Miriam Byerly of Milton met Lee their freshman year in 1991. She remained friends with Lee, who was known as Arie Edward in school, the rest of Lee’s life.
Byerly last talked to Lee, 37, on May 25, less than two weeks before Lee and her three children were shot dead by Michael Augustine “August” Bournes, 59, her companion and the kids’ father.
Bournes then set fire to their southwestern Montana log cabin, laid down next to the children’s bodies and shot himself with a .45-caliber pistol.
Friends say there were signs of trouble with Bournes, who had recently had an argument with the closest thing to neighbors in the remote wilderness area they lived in.
“At the end, you could only talk to her for a little bit before she would have to go,” said Byerly, who has lived off-and-on in the Tri-Cities for years.
That was a change from the woman her friends knew.
“She exuded confidence, was strong, spoke her mind and had a great sense of humor,” Byerly said. “She was also kind, loyal, smart and the most loving person I’ve ever met. She was and always will be a beautiful soul.”
Lee was born in Spokane and moved to the Tri-Cities at a young age, said her brother, Phil High-Edward.

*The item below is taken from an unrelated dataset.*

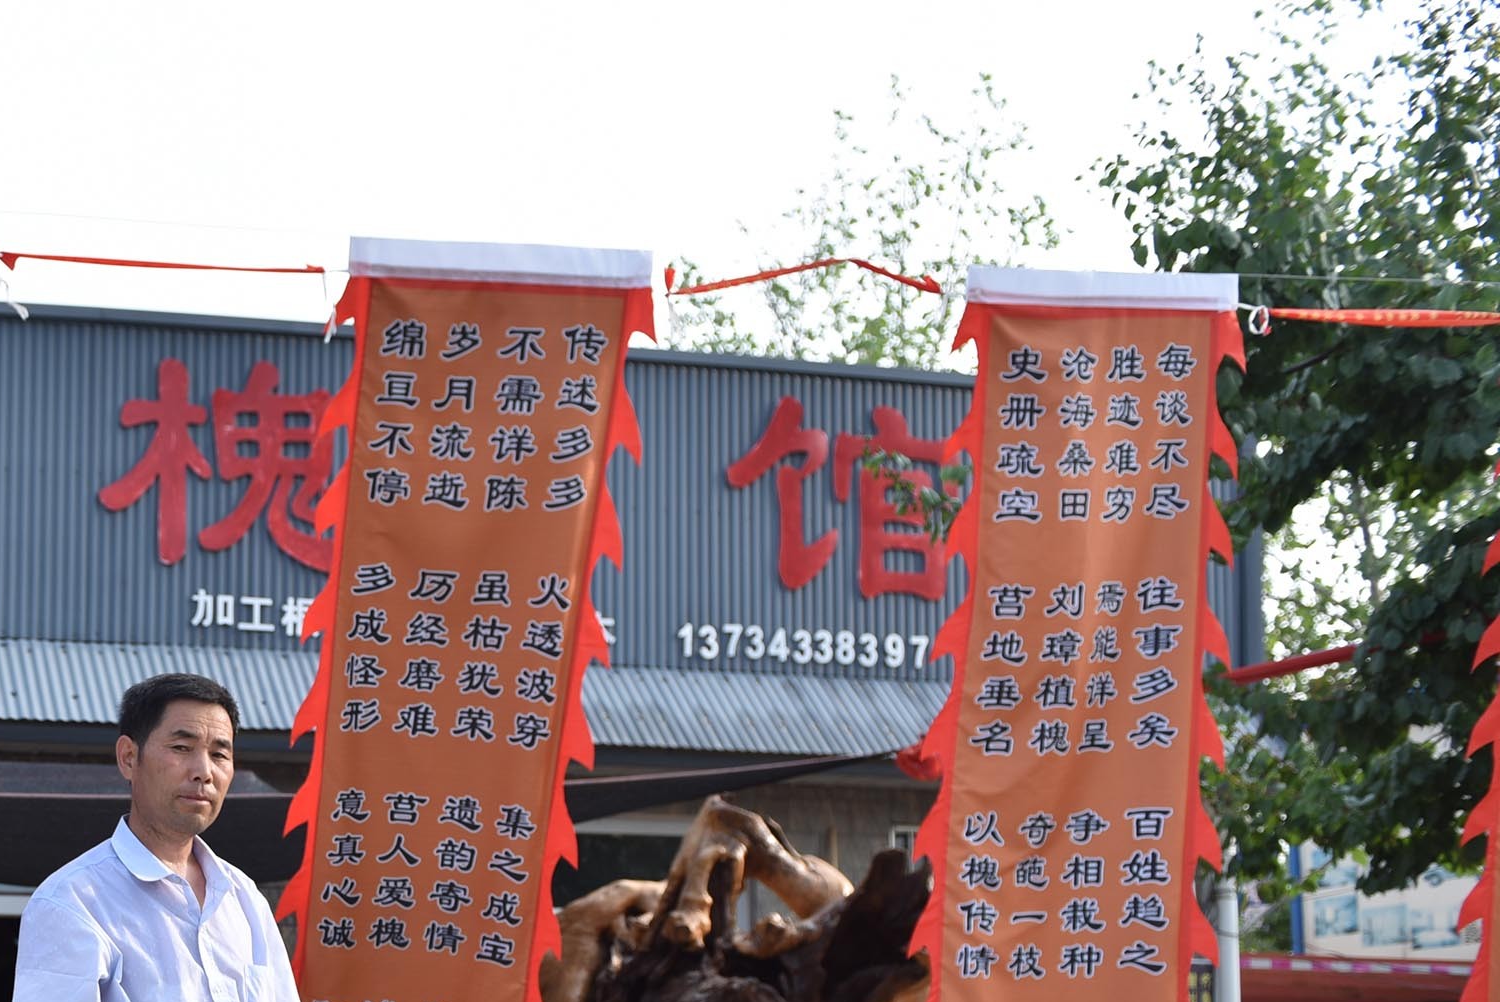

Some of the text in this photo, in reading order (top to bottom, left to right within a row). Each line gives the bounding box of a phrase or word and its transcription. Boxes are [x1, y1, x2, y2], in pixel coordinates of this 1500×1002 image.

Tashia Flieger of Pasco took her children to visit Lee and her family at their Montana cabin in 2013, when they were in the area for her son’s baseball tournament. Her son helped Bournes get firewood for the long winter, while she watched Lee cook on a propane stove.

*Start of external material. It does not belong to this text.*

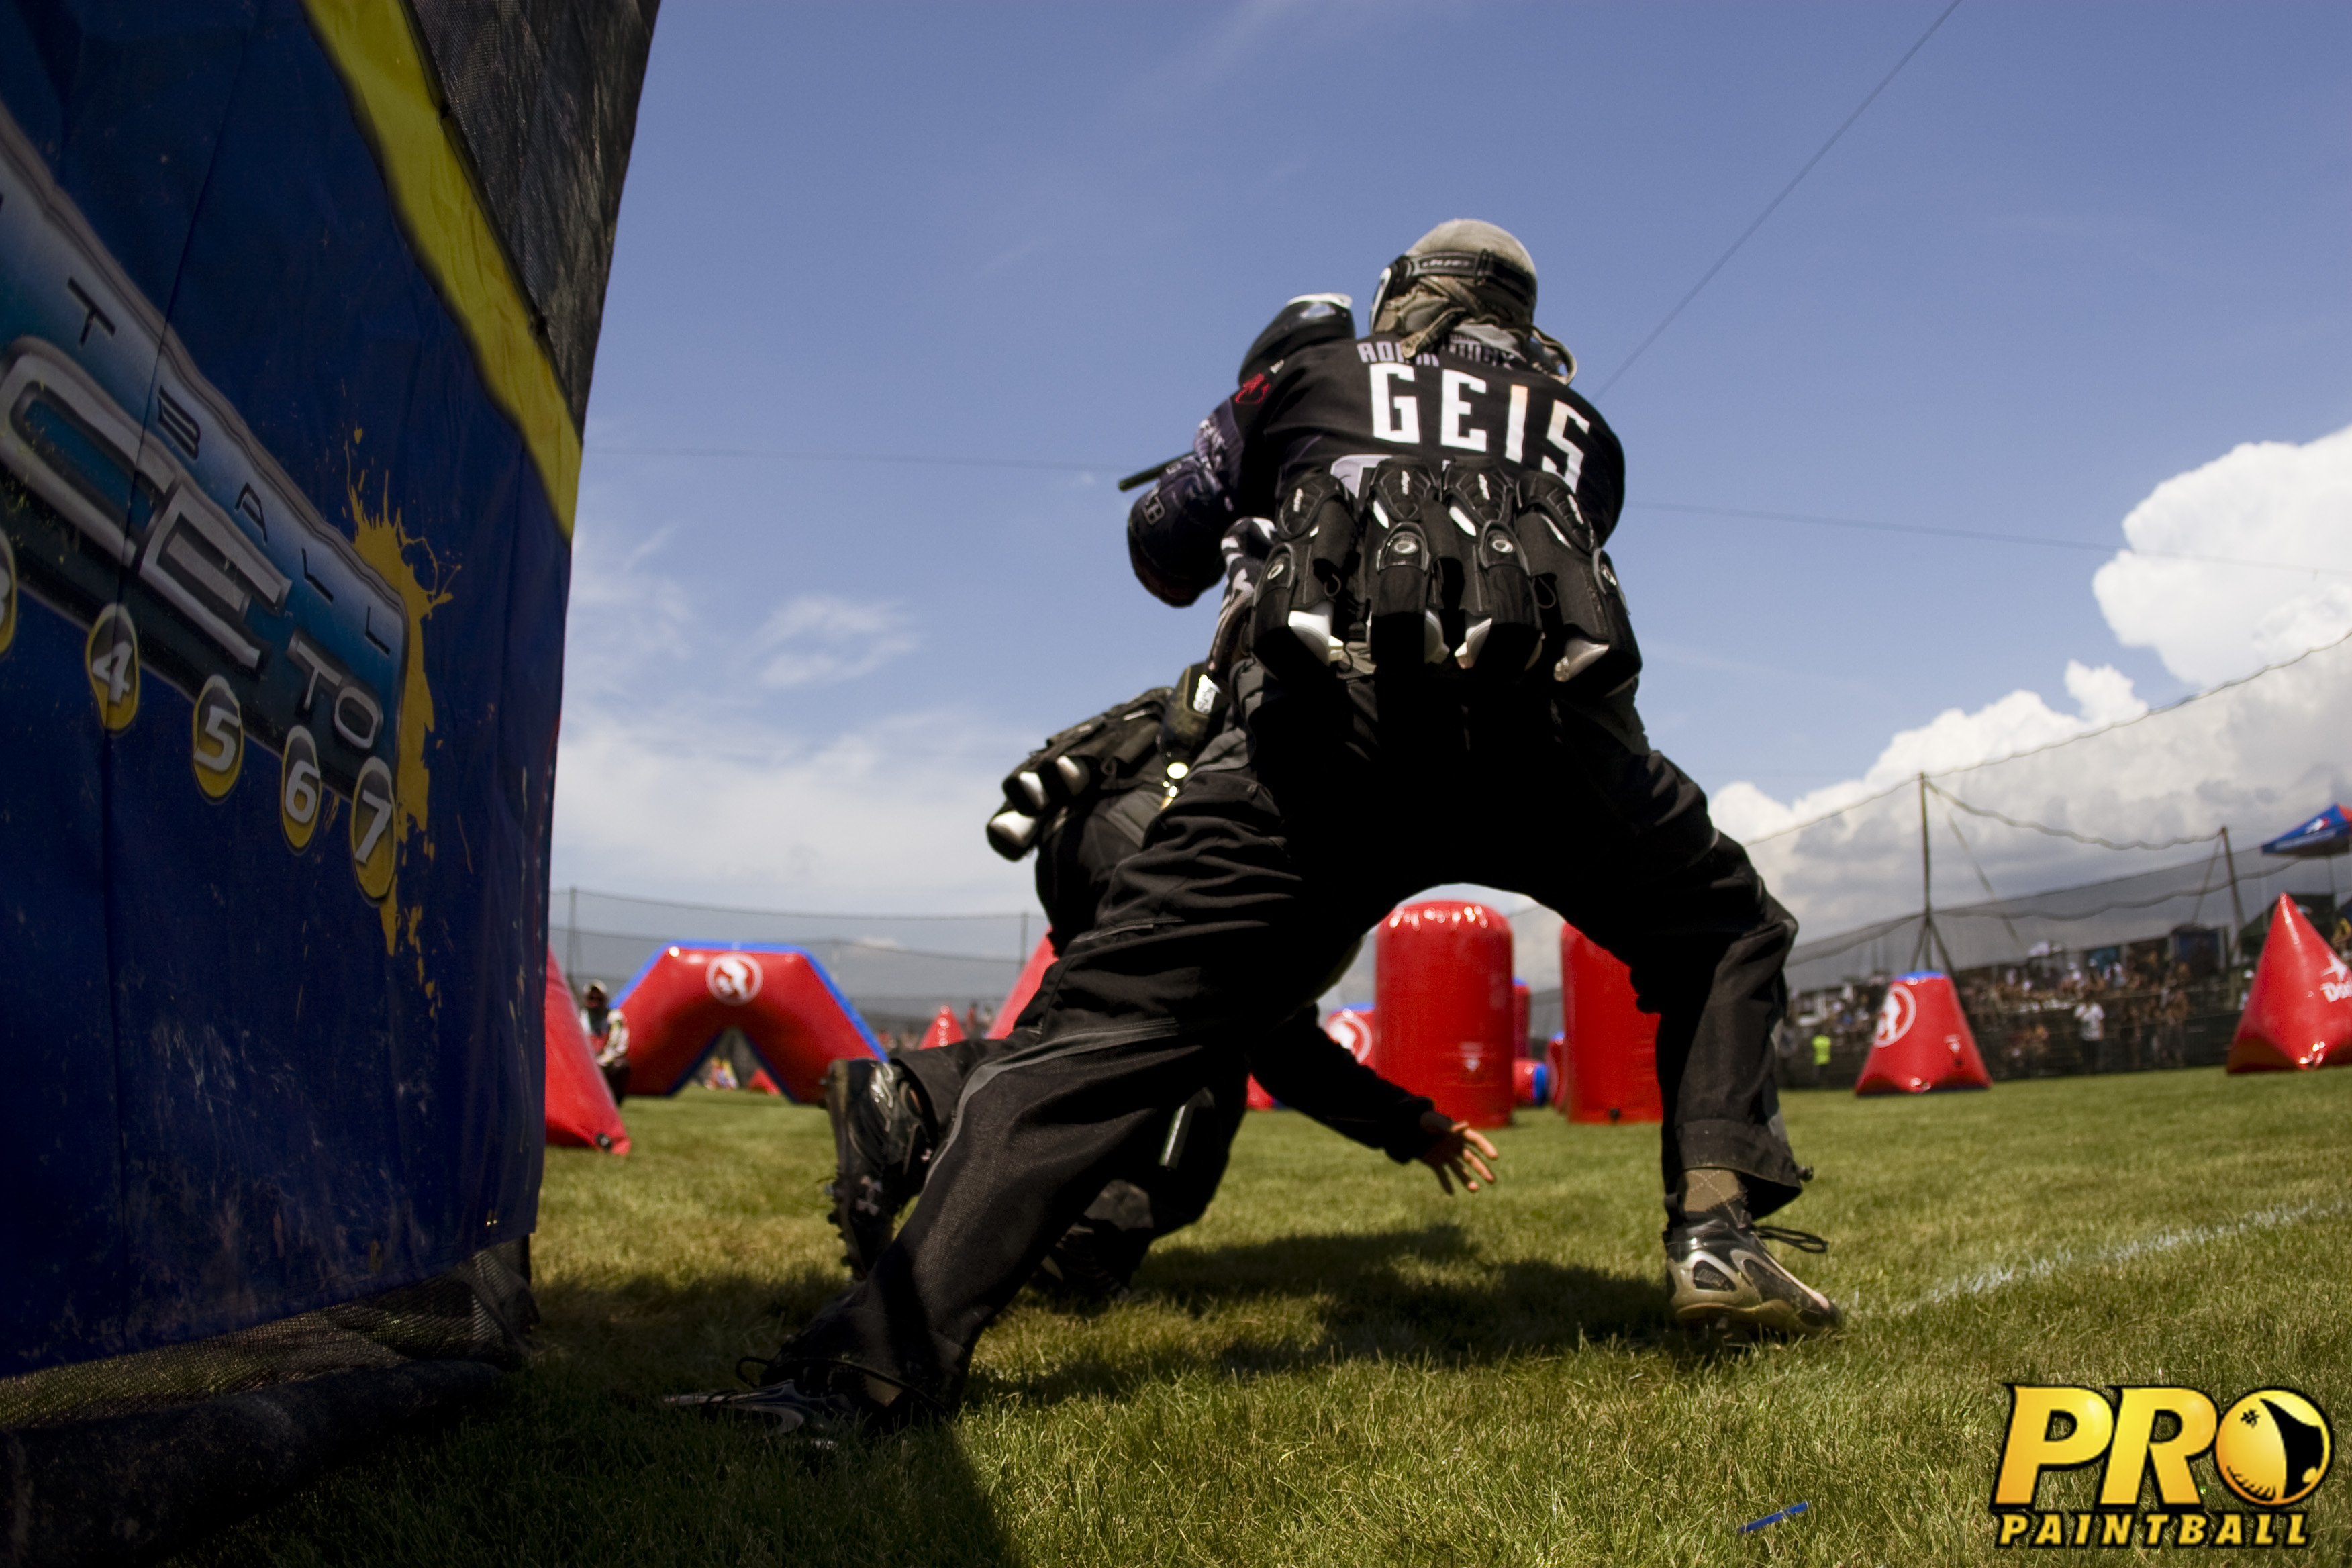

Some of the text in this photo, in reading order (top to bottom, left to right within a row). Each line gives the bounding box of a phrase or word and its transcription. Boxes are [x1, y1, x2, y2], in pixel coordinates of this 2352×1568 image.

[1369, 362, 1590, 493] GEIS
[91, 640, 392, 865] 4 5 6 7
[289, 630, 382, 750] TO

“Everything she did was homemade,” Flieger said. “I must have a million pictures on my phone of something she would bake.”

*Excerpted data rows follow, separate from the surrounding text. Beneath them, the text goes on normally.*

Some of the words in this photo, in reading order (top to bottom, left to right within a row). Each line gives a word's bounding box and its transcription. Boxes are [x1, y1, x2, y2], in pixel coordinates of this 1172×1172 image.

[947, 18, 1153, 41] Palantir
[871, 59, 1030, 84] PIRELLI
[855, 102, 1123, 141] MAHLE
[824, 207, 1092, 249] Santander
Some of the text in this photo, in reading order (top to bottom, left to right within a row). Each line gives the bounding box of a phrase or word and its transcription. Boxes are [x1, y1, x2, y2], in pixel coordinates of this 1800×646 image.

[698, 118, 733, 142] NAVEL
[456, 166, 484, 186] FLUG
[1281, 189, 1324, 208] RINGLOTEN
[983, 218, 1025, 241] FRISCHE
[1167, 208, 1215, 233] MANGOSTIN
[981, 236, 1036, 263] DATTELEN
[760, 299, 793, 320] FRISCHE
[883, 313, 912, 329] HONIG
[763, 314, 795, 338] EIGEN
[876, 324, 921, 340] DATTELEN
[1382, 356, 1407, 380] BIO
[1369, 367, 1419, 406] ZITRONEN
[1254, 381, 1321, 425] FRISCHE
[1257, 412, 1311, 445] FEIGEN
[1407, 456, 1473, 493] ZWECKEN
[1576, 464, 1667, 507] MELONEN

Flieger and Lee last saw each other a year later, when Lee visited them in Kalispel when Flieger returned for another tournament. Flieger cried for hours after they said goodbye, only to talk to Lee and learn that she did the same.
After Lee’s youngest child, Arie, who was 1 when she was killed, was born, Flieger noticed a change.
“I sent her a picture of the kids back in November and it took her a week to respond,” she said. “She said she was too busy.”
Flieger feels bad because she did not try harder to find out what was going on with her friend.
“I let her phase out,” she said. “Arie was not the kind of person who would share if she was going through hard times.”
Lee hadn’t lived in the Tri-Cities since graduating from Kamiakin in 1995, but her friends continued to keep up with her. They have scheduled a celebration of life service at 6:30 p.m. Thursday at Calvary Chapel Tri-Cities, 10611 W. Clearwater Ave. in Kennewick.
“There is an outpouring of people here who knew her and loved her,” Flieger said. “She was a huge part of the community, and her mother was a huge part of the community.”
High-Edward, who lives in Spokane, will return to the Tri-Cities for the event.
“I think it’s a perfect time to come together and remember Arie for the very sweet, nice, kind person she was,” he said.